The accounting policies applied are the same as those used in the financial year 2008, with the following exceptions:

In view of further concentration on its core market Germany, in the fourth quarter of the financial year 2008 the management devised and began to actively implement a plan to sell MLP Finanzdienstleistungen AG, Vienna, Austria. Furthermore, in the second quarter 2009 the decision was made that the branch of MLP Finanzdienstleistungen AG in the Netherlands would be closed.

For this reason the revenues and expenses of MLP Finanzdienstleistungen AG, Vienna, Austria, and the MLP branch of MLP Finanzdienstleistungen AG in the Netherlands were reclassified to the earnings from discontinued operations. The previous year’s figures were adjusted accordingly. The reporting changes have no effect on net profit or earnings per share.

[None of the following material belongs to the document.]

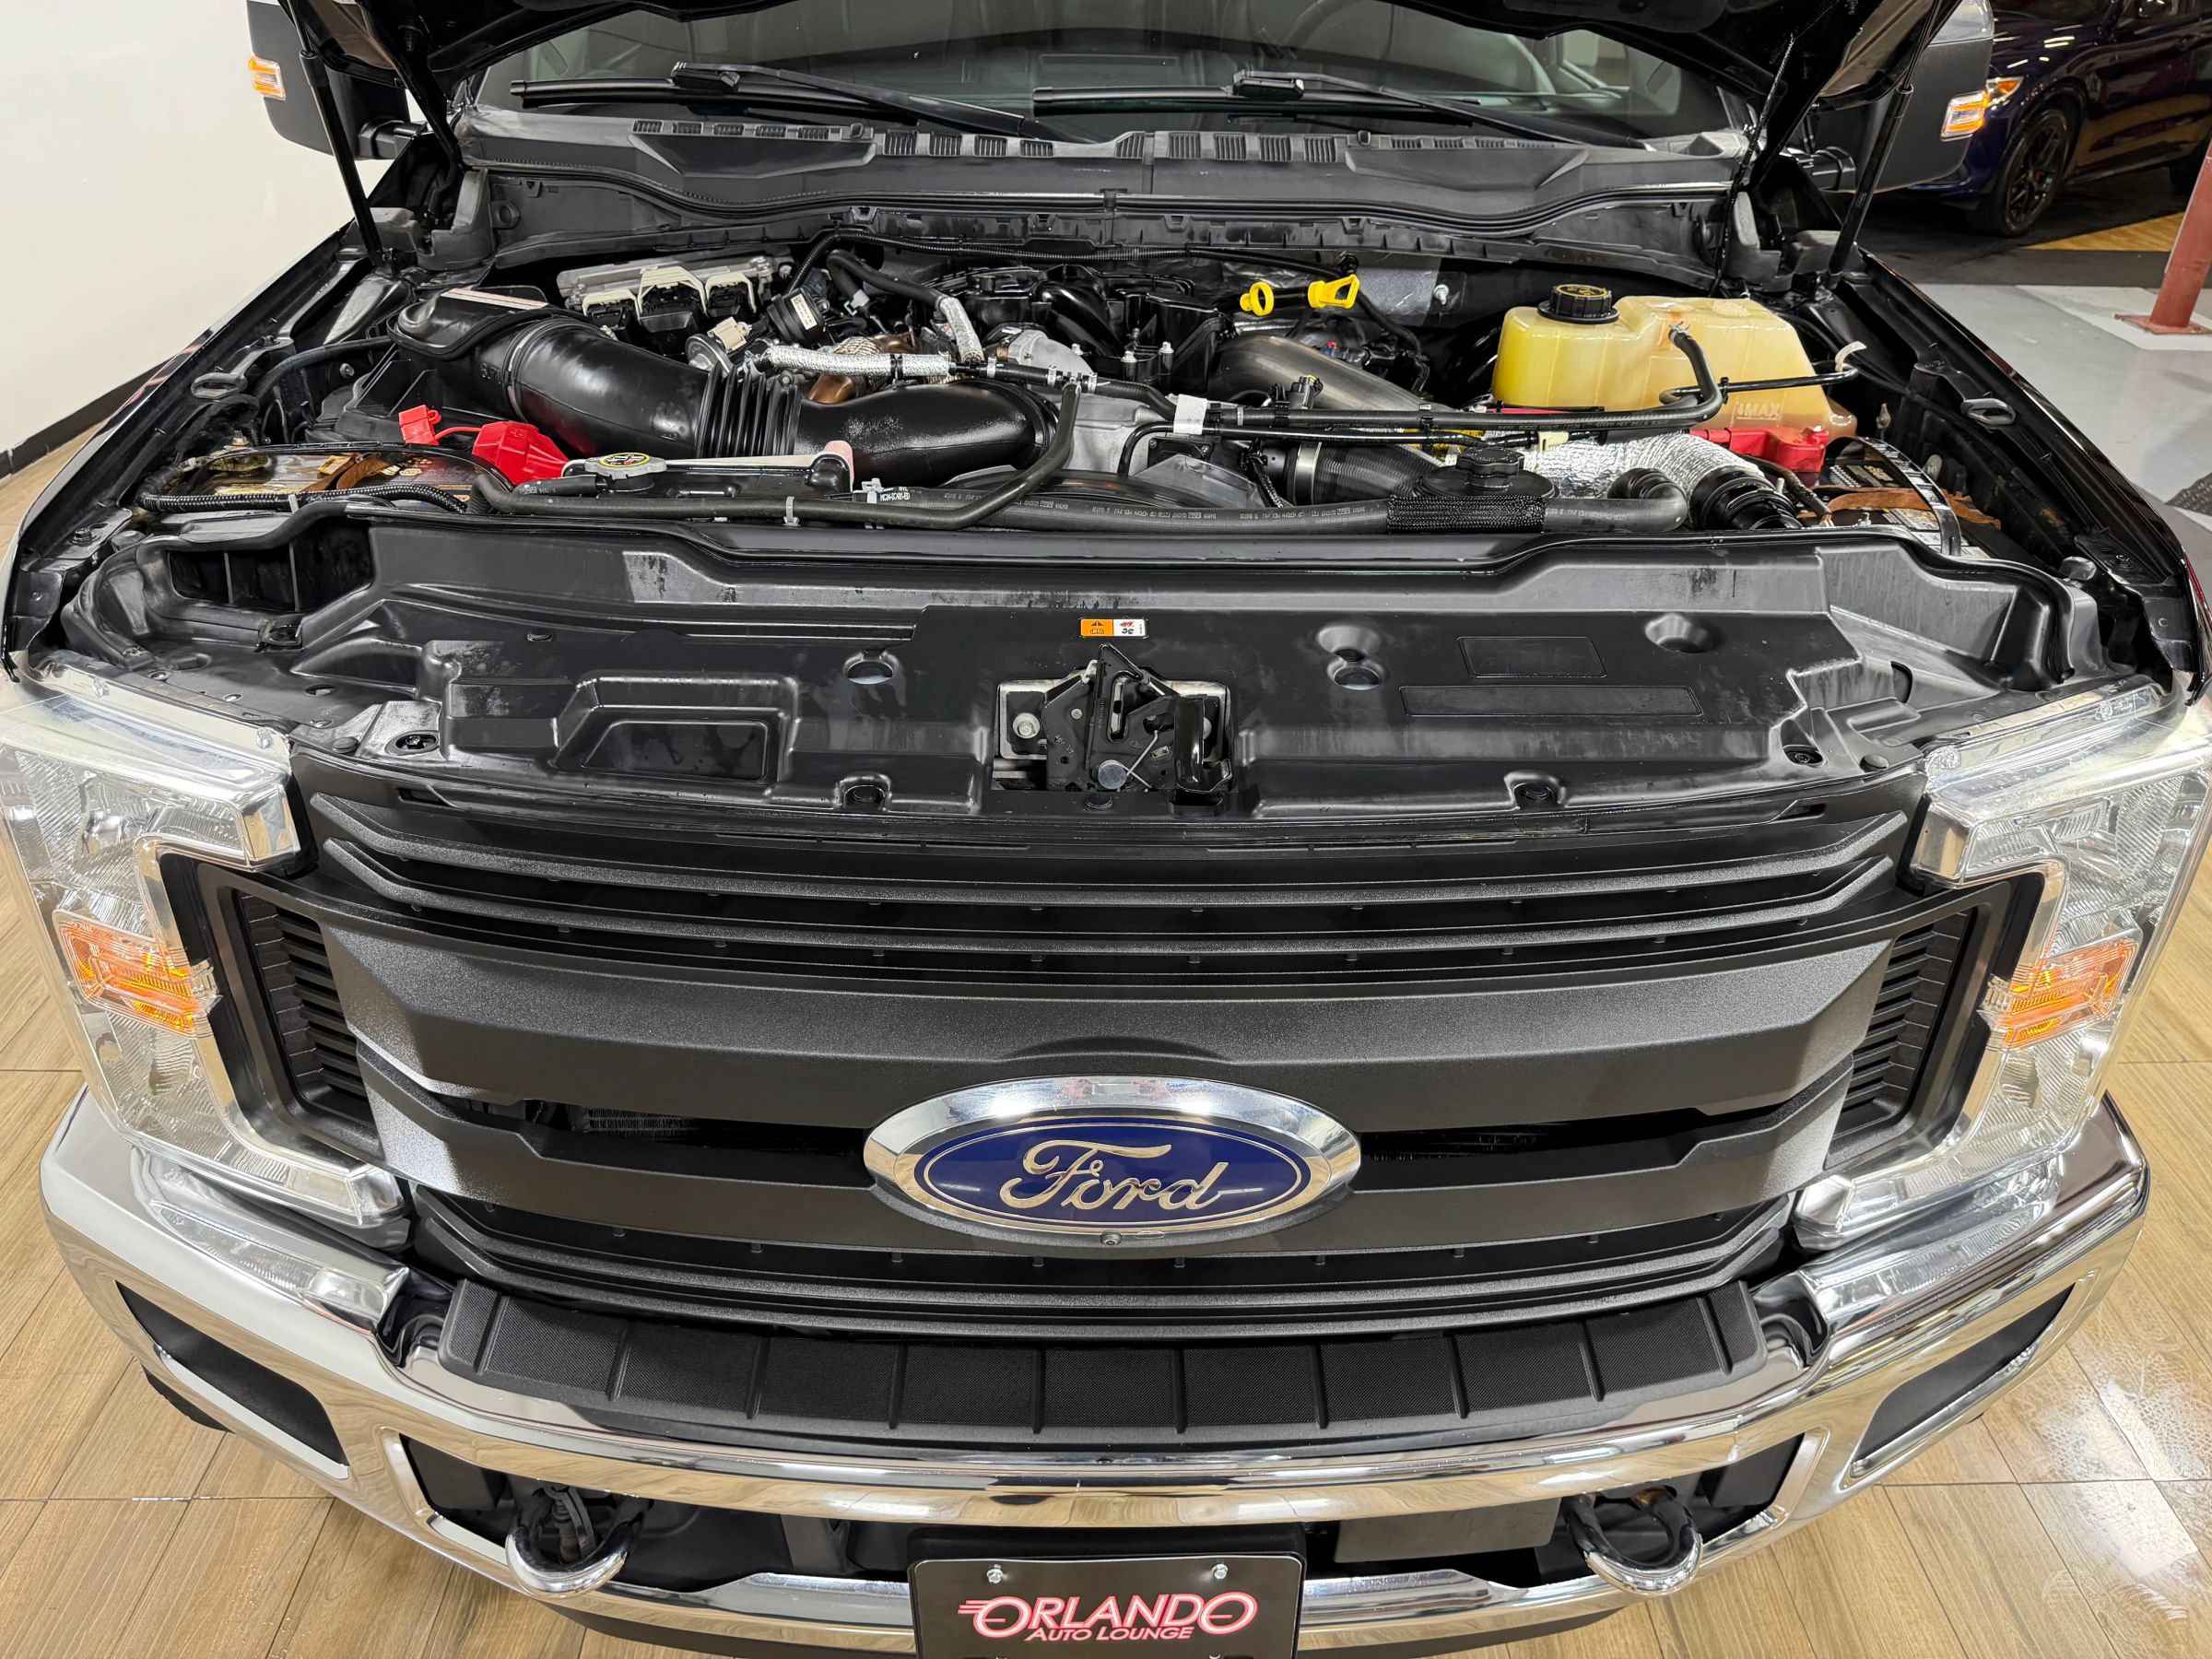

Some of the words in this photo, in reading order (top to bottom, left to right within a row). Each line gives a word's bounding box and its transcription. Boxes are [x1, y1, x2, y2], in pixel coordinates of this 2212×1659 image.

The table below illustrates the effects of the changes in the accounting policies on the previous year’s figures:

All figures in €‘000 1st half year 2008
adjusted
1st half year 2008
as reported
IFRS 5
Revenues 260,623 265,582 –4,959
Other revenues 21,626 21,745 –119
Total revenues 282,249 287,327 –5,078
Commission expenses –89,642 –91,716 2,074
Interest expenses –10,279 –10,279
Personnel expenses –53,313 –57,652 4,339
Depreciation and amortisation -10,298 –10,406 108
Other operating expenses –83,205 –84,886 1,681
Earnings from shares accounted for using the equity method 307 307
Earnings before interest and taxes (EBIT) 35,820 32,696 3,124
Other interest and similar income 2,337 2,346 –8
Other interest and similar expenses –11,220 –11,221
Finance cost –8,883 –8,875 –8
Earnings before taxes (EBT) 26,937 23,821 3,116
Income taxes –9,510 –9,512 2
Earnings from continuing operations 17,427 14,309 3,118
Earnings from discontinued operations –3,123 –5 –3,118
Net profit 14,303 14,303
       
Earnings per share in €      
       
from continuing operations      
basic 0.18 0.15  
diluted 0.18 0.14  
from continuing and discontinued operations      
basic 0.15 0.15  
diluted 0.14 0.14  

In the financial year 2009, the revised IAS 1 “Presentation of Financial Statements” is to be used for the first time. IAS 1 (revised) extends the profit and loss account to include a transition of profit/loss to the overall net earnings with reporting of the components of the other earnings (statement of comprehensive income). This also changes the presentation of the statement of changes in equity. In the statement of changes in equity, transactions with owners are shown separately. Profit/Loss and other earnings are apportioned to the individual equity capital components. The previous year’s figures were adjusted accordingly. Neither net profit nor earnings per share have changed as a result of this changed presentation.

Furthermore, in the financial year 2009 the following new or revised standards are to be used for the first time:

  • IFRS 2 “Vesting conditions and cancellations”,
  • IFRS 3 and IAS 27 “Business combinations phase II”,
  • IAS 32 and IAS 1 “Puttable financial instruments”,
  • IFRS 1 and IAS 27, “Cost of an investment in a subsidiary, jointly-controlled entity or associate”,
  • The collective standard passed by the IASB in May 2008,
  • IFRIC 12 “Service concession arrangements”,
  • IFRIC 15 “Agreements for the construction of real estate”,
  • IFRIC 16 “Hedges of a net investment in a foreign operation”.

The first-time use of these standards was not relevant for MLP at June 30, 2009.